Items from a data source:
——

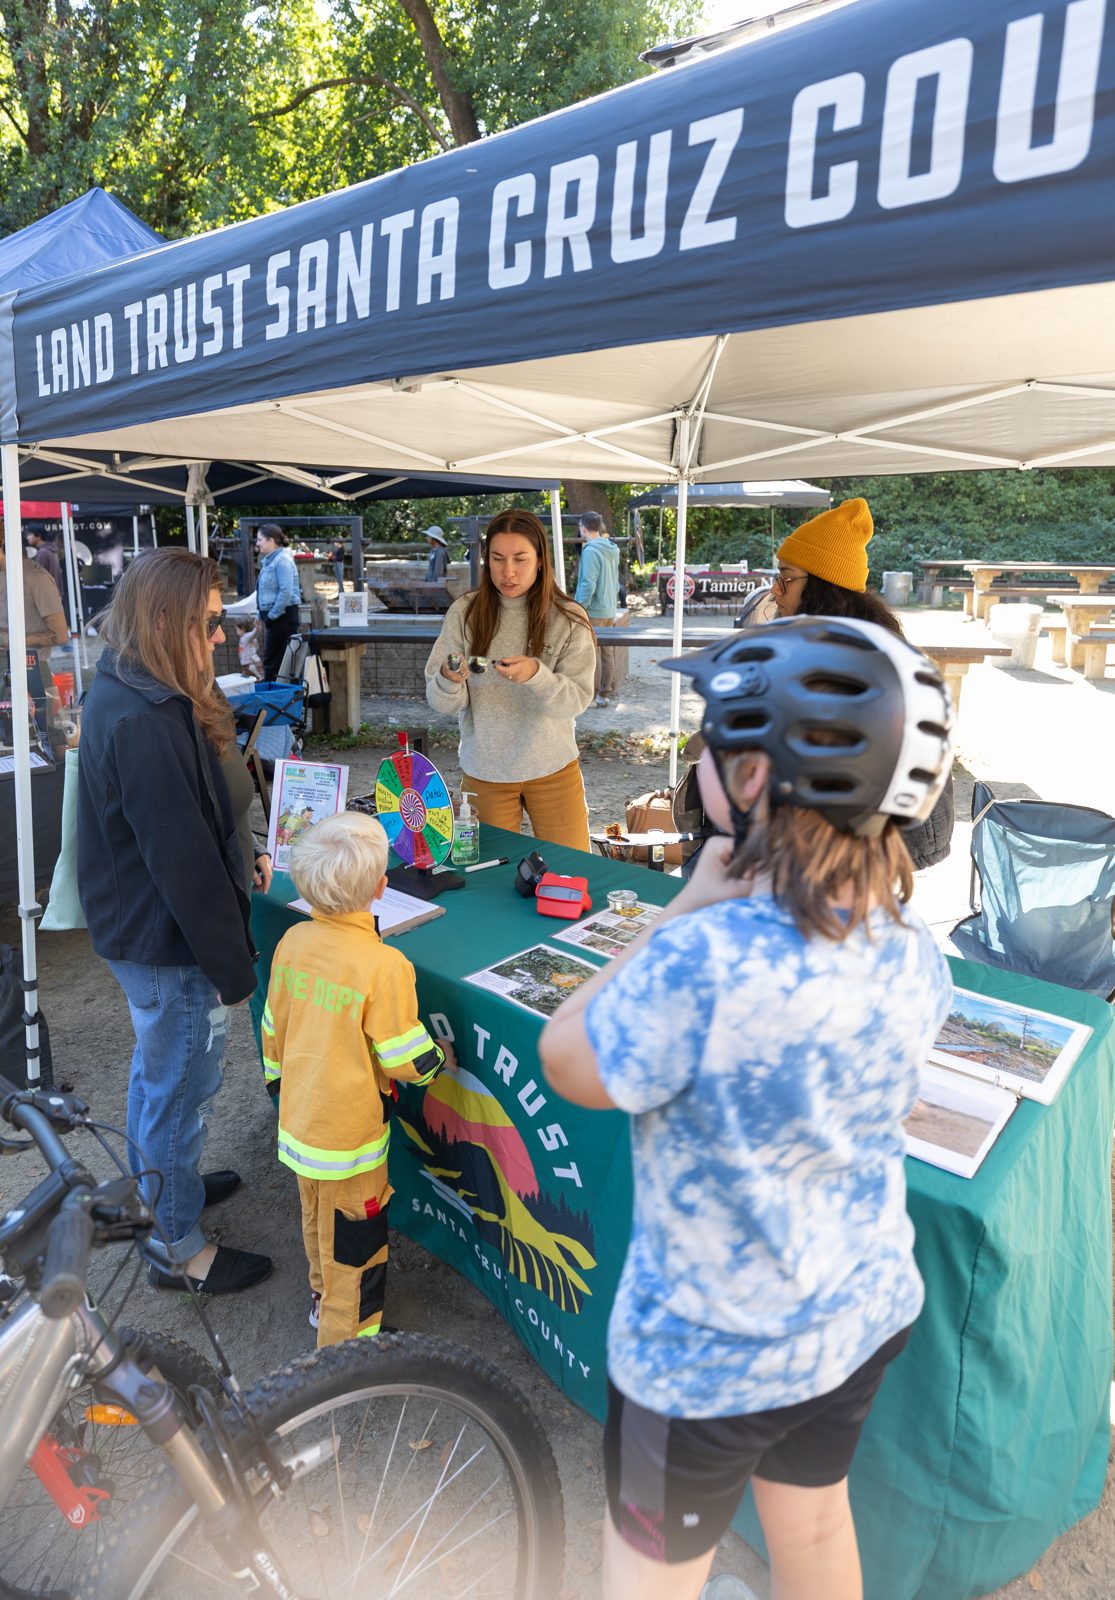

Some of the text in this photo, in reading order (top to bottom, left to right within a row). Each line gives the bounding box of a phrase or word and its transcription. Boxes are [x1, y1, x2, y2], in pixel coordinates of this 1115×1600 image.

[35, 0, 1107, 397] LAND TRUST SANTA CRUZ COU
[45, 522, 111, 531] URNOT.COM
[698, 577, 756, 593] Tamien
[426, 789, 444, 803] patch
[313, 977, 365, 1021] DEPT
[473, 1023, 583, 1188] TRUST
[412, 1198, 591, 1379] SANTA CRU COUNTY
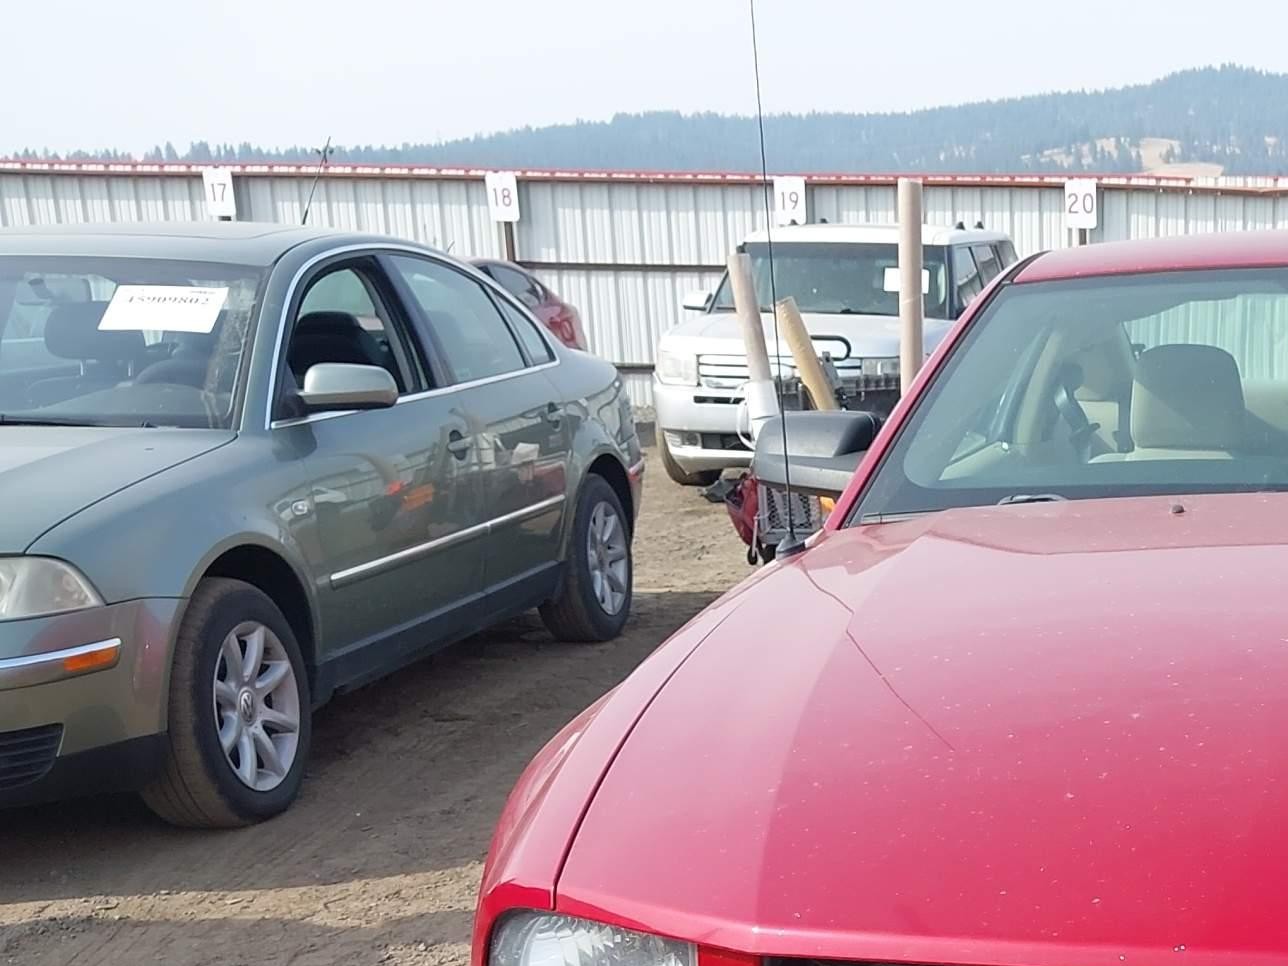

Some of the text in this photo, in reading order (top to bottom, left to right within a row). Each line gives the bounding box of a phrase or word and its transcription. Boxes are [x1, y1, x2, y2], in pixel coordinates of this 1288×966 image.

[210, 182, 227, 202] 17
[492, 187, 512, 207] 18
[780, 191, 799, 210] 19
[1067, 192, 1094, 214] 20
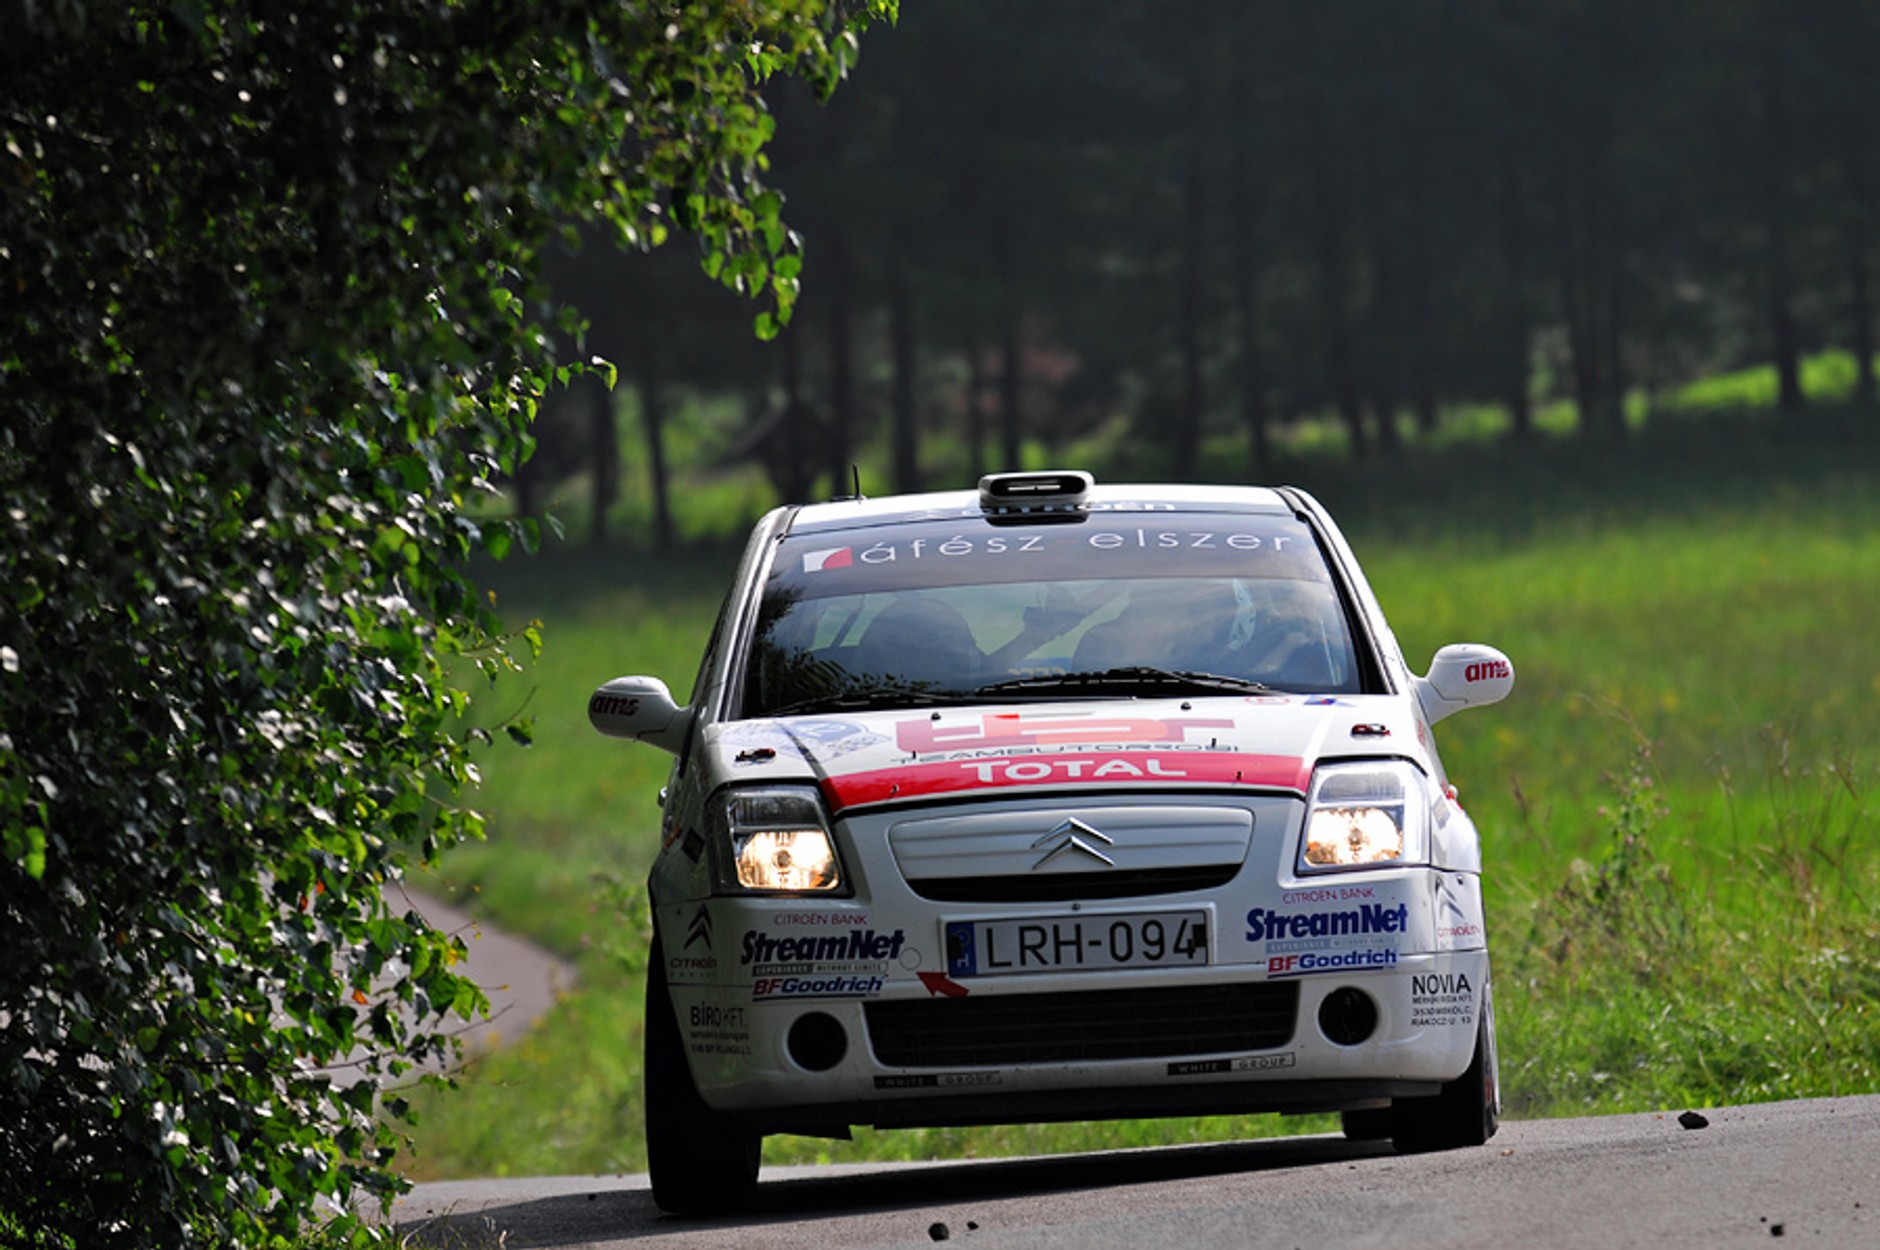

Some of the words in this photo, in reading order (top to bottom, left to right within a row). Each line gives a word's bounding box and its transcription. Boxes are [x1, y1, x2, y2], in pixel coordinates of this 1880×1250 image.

——

Requirement — Only the lines from the one containing "this 1288×966 image." through the last line of the entries belong in the answer, given again exactly. Images stay out.

Response below —
Some of the text in this photo, in reading order (top to bottom, left to right within a row). Each line gives the bounding box of a phrase or word and its transcription. Boxes are [x1, y1, x2, y2], in pixel coordinates of this 1288×966 image.

[210, 182, 227, 202] 17
[492, 187, 512, 207] 18
[780, 191, 799, 210] 19
[1067, 192, 1094, 214] 20

Some of the words in this photo, in reading order (top to bottom, left to right within a row). Each line gives a word's bounding box and its transcription. Boxes are [x1, y1, x2, y2], in pixel coordinates of this 1880×1250 image.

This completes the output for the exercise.